• **Required action**: In the copy, include every entry exactly but none of its images.
── Data for review
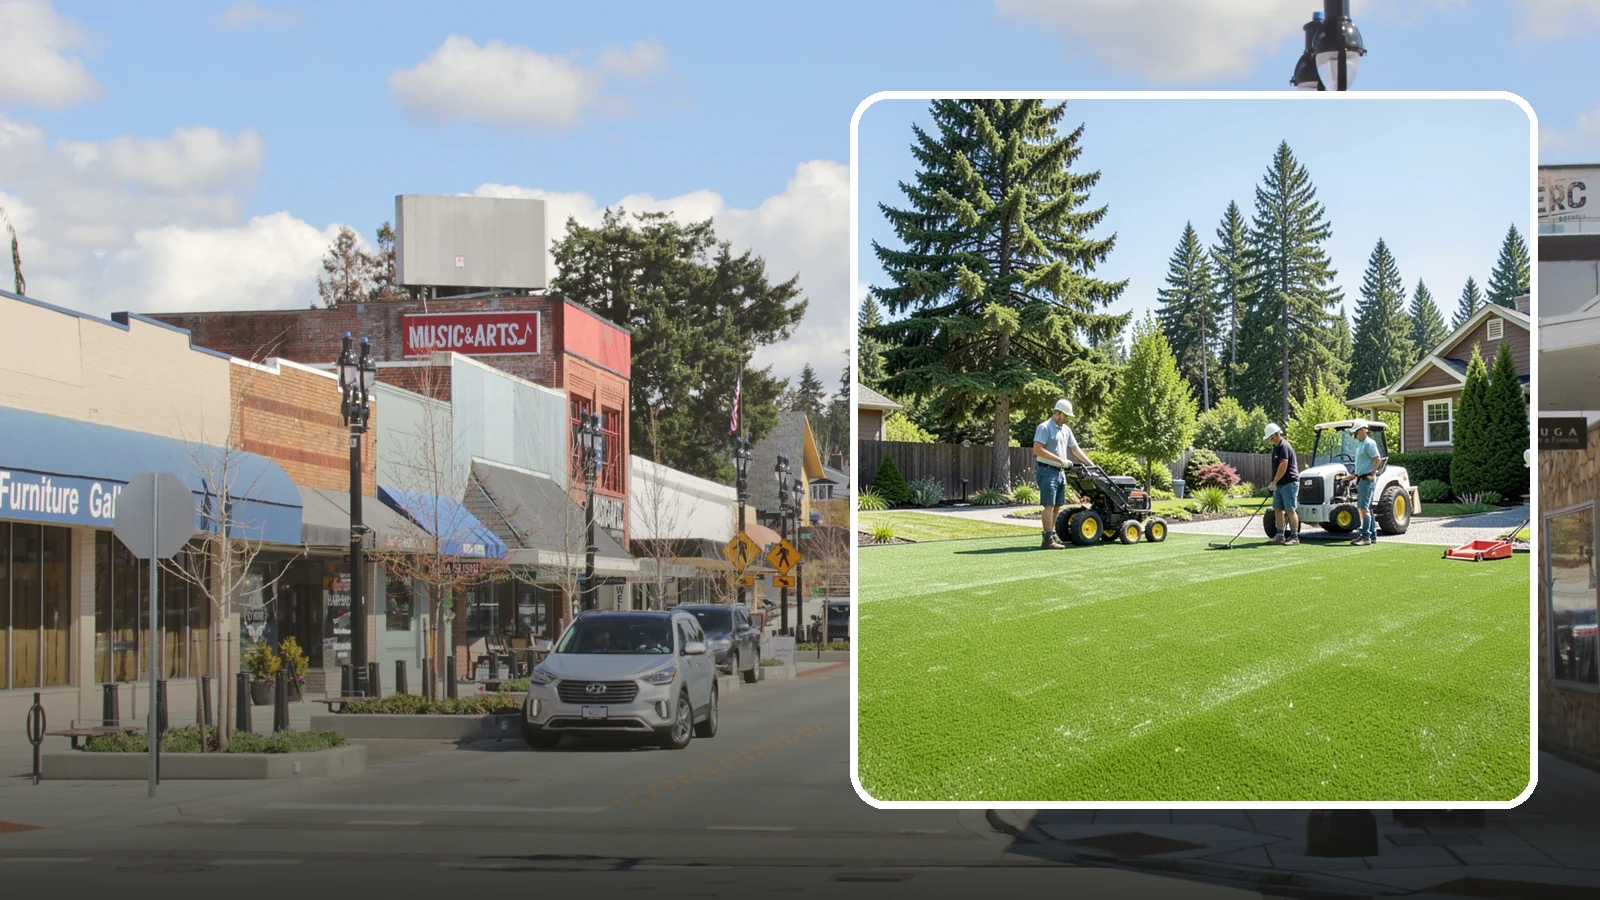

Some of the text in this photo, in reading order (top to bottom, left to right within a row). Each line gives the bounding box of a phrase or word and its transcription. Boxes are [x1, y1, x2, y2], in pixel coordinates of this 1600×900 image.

[408, 323, 520, 348] MUSIC&ARTS
[0, 471, 79, 515] Furniture
[453, 563, 479, 574] SUSHI
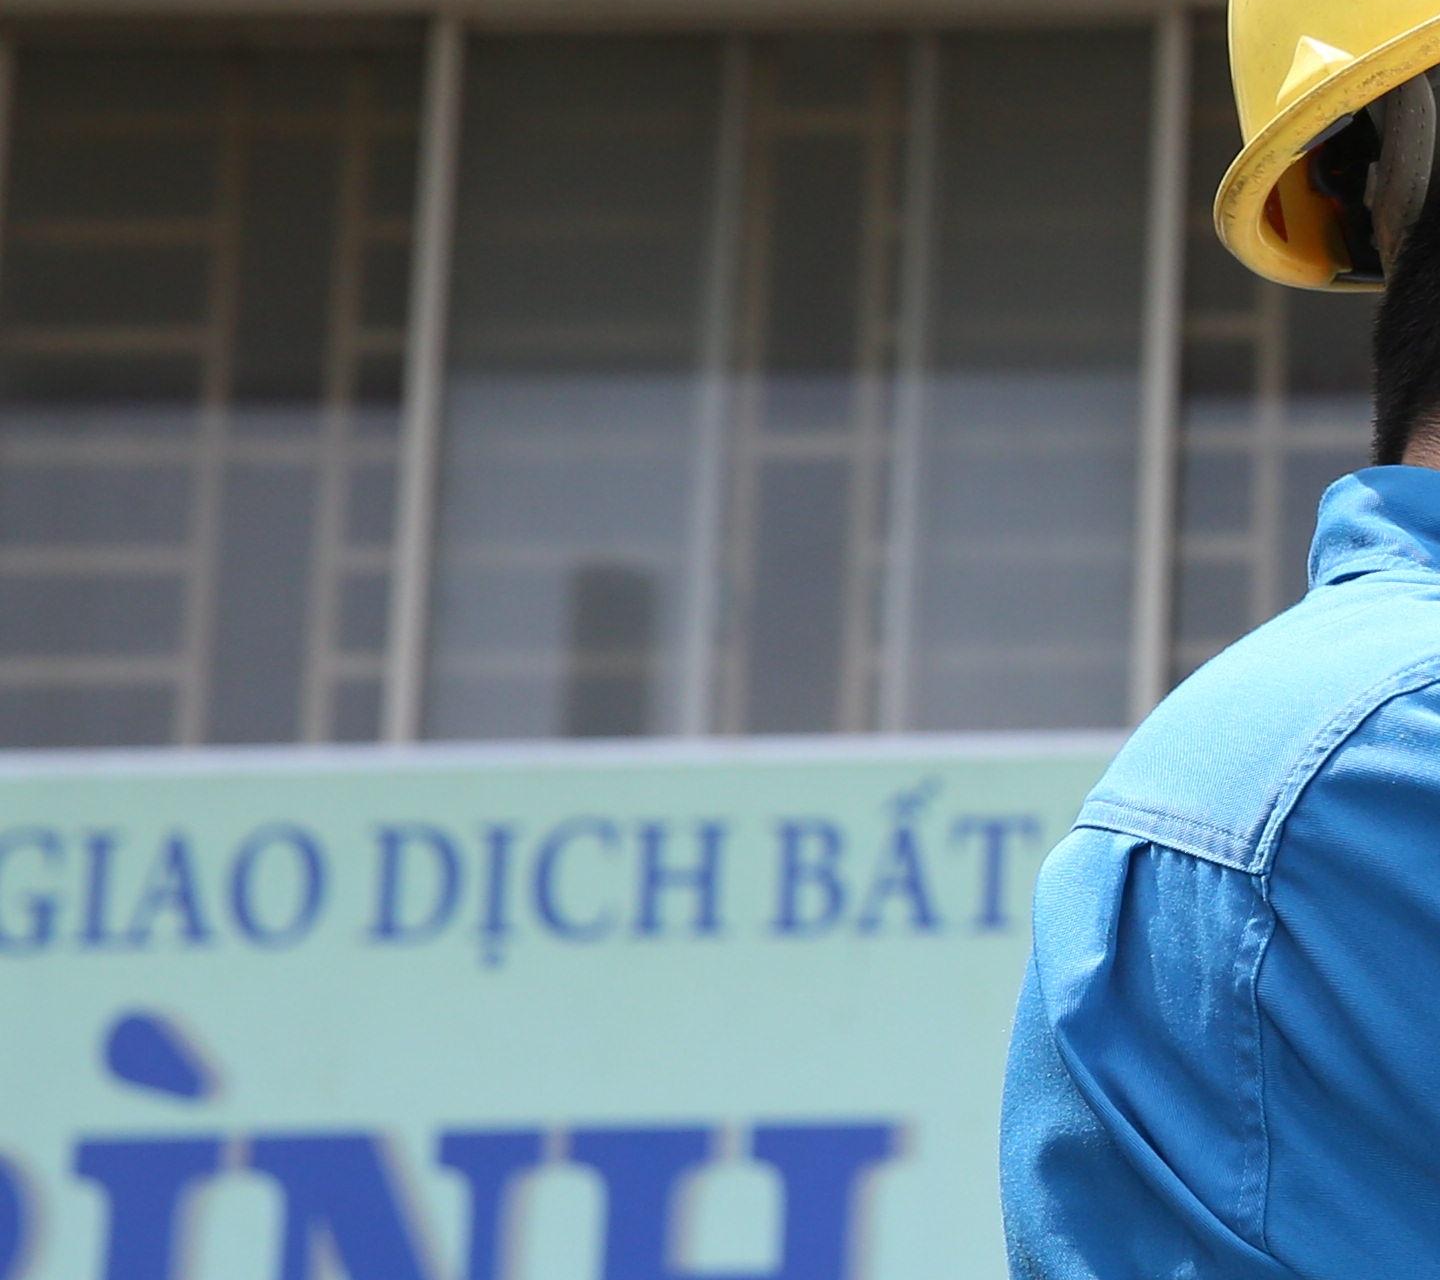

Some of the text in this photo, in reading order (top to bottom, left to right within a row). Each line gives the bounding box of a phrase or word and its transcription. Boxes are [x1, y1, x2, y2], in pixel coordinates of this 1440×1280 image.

[0, 776, 1040, 970] GIAO DỊCH BẤT
────
• **Response area**:
Some of the text in this photo, in reading order (top to bottom, left to right within a row). Each line gives the bounding box of a phrase or word and its transcription. Boxes are [x1, y1, x2, y2], in pixel coordinates of this 1600×900 image.

[408, 323, 520, 348] MUSIC&ARTS
[0, 471, 79, 515] Furniture
[453, 563, 479, 574] SUSHI

Some of the text in this photo, in reading order (top to bottom, left to right within a row). Each line gives the bounding box of a phrase or word and its transcription. Boxes are [x1, y1, x2, y2], in pixel coordinates of this 1440×1280 image.

[0, 776, 1040, 970] GIAO DỊCH BẤT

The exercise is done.